2 - Designing a solution

User friendliness and complexity

Usually, messages are short enough that no chunking is applied and everything looks perfect when they arrive to their destination. Longer messages need to be chunked, however, and each chunk is sent as a separate message. In that case, the message will end up being displayed in a chat UI as if multiple messages had been sent quickly after each other. With this in mind, the most user friendly way to split messages is at word boundaries. If the original message is “the quick brown fox”, it is easier for a user to read “the quick” followed by “brown fox”, than it is to read “the quick bro” followed by “wn fox”.

But what is a word? Is it enough to split the message based on whitespace? What about punctuation? And what about alphabets that do not use whitespace as a word separator? As I mentioned above, the problem we are solving is not as trivial as it might seem on a superficial look!

Fortunately, smart folks at the Unicode Consortium have thought a lot about how to deal with text, and since Elixir strings are valid UTF-8 (a popular unicode encoding), we can build upon the concept of unicode word boundaries. Formally speaking, we want each chunk to be the longest possible string ending at a unicode word boundary. The friendly Elixir community pointed me to the unicode_string library, which provides functions to do that. However, it turns out that there is more than word boundaries to this story…

Alphabets and complexity

What if a word is too long to fit in a chunk? Someone could write “thequickbrownfox”, without spaces. With a maximum message size of 10, we have no option but to split according to characters, resulting in something like “thequickbr” and “ownfox”.

But what is a character? Having used the latin alphabet my whole life, the letter “a” is obviously a character. What about 这? And 😒? By the way, each of those characters has a different length in bytes (1, 3 and 4 respectively). This means we can’t just split the string at some random place, because we might be in the middle of a multi-byte character, and the character would get corrupted! Ugh…

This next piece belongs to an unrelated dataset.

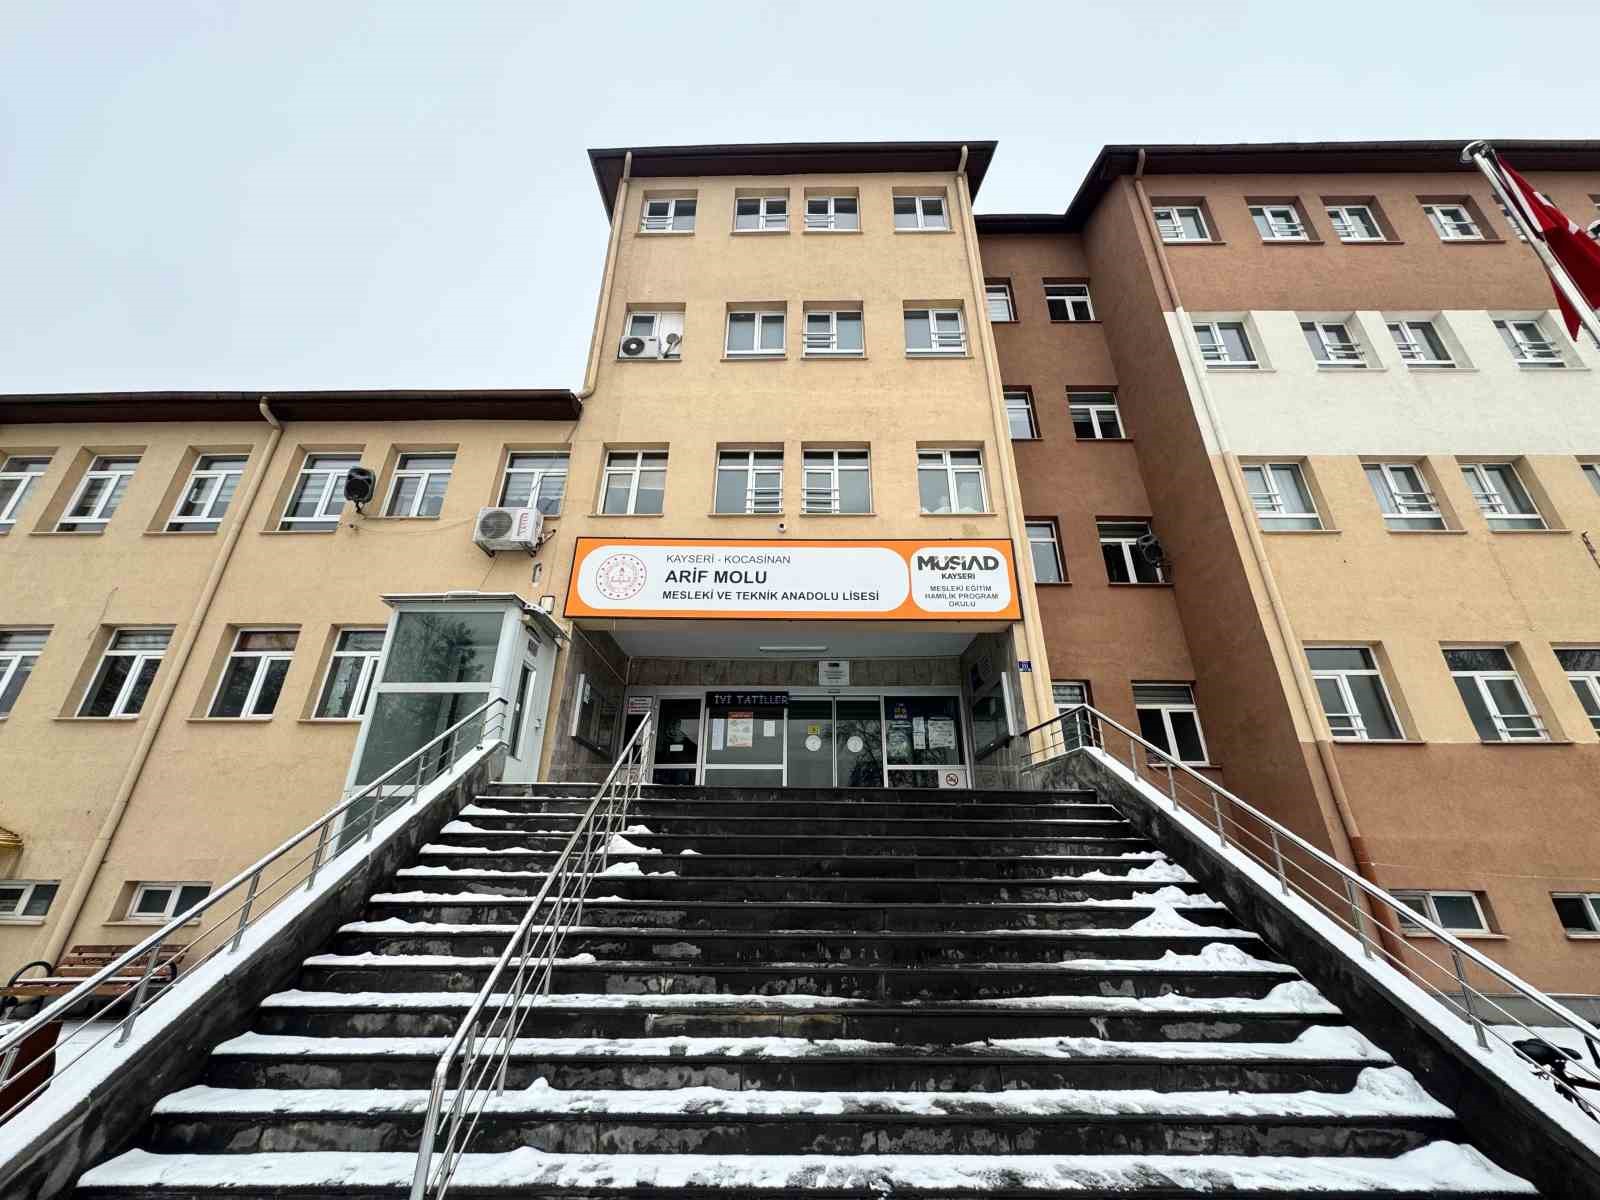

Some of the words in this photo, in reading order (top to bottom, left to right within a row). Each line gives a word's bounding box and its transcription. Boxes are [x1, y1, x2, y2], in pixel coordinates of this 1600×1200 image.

Again, the folks at the Unicode Consortium come to the rescue, this time with the concept of grapheme clusters, which are approximately the same as what humans call characters. In fact, each of the examples given above (“a”, 这 and 😒) is a grapheme cluster in unicode parlance. And since Elixir has built-in support to get a string’s grapheme clusters, we can use that to split the string in a way that preserves all characters. This should do the trick!

What if the grapheme cluster is too big?

Technically it would be possible for a grapheme cluster to be too big to fit in a chunk. For instance, the emoji 😒 requires 4 bytes and would be too big for a maximum chunk size of 3. This will never be a problem, though, because real chunk sizes are usually around 4000 bytes. I assume that there are no grapheme clusters that big out there.

It is possible, however, to craft a malicious grapheme cluster spanning kilobytes (see this SO answer). What to do about that? Well, if we assume that all grapheme clusters that are too big are malicious, then there is no harm in splitting them wherever we want. The chunked messages will contain gibberish in the place where the original grapheme cluster was, but at least we can reliably deliver the rest of the message. If you have a better idea, let me know!

3 - Implementation and performance tuning

For reference, and as a summary of the wall of text above, the string chunking algorithm works as follows. Given a maximum chunk size of max_chunk_byte_size, the procedure to obtain the next chunk is:

Get a substring containing the maximum amount of unicode words that fit within max_chunk_byte_size. If the first word is longer than max_chunk_byte_size, fall back to the method below.
Get a substring containing the maximum amount of grapheme clusters that fit within max_chunk_byte_size. If the first grapheme cluster is longer than max_chunk_byte_size, fall back to the method below.
Get a substring containing the bytes up to max_chunk_byte_size (this will split up the first grapheme cluster, but there is no alternative).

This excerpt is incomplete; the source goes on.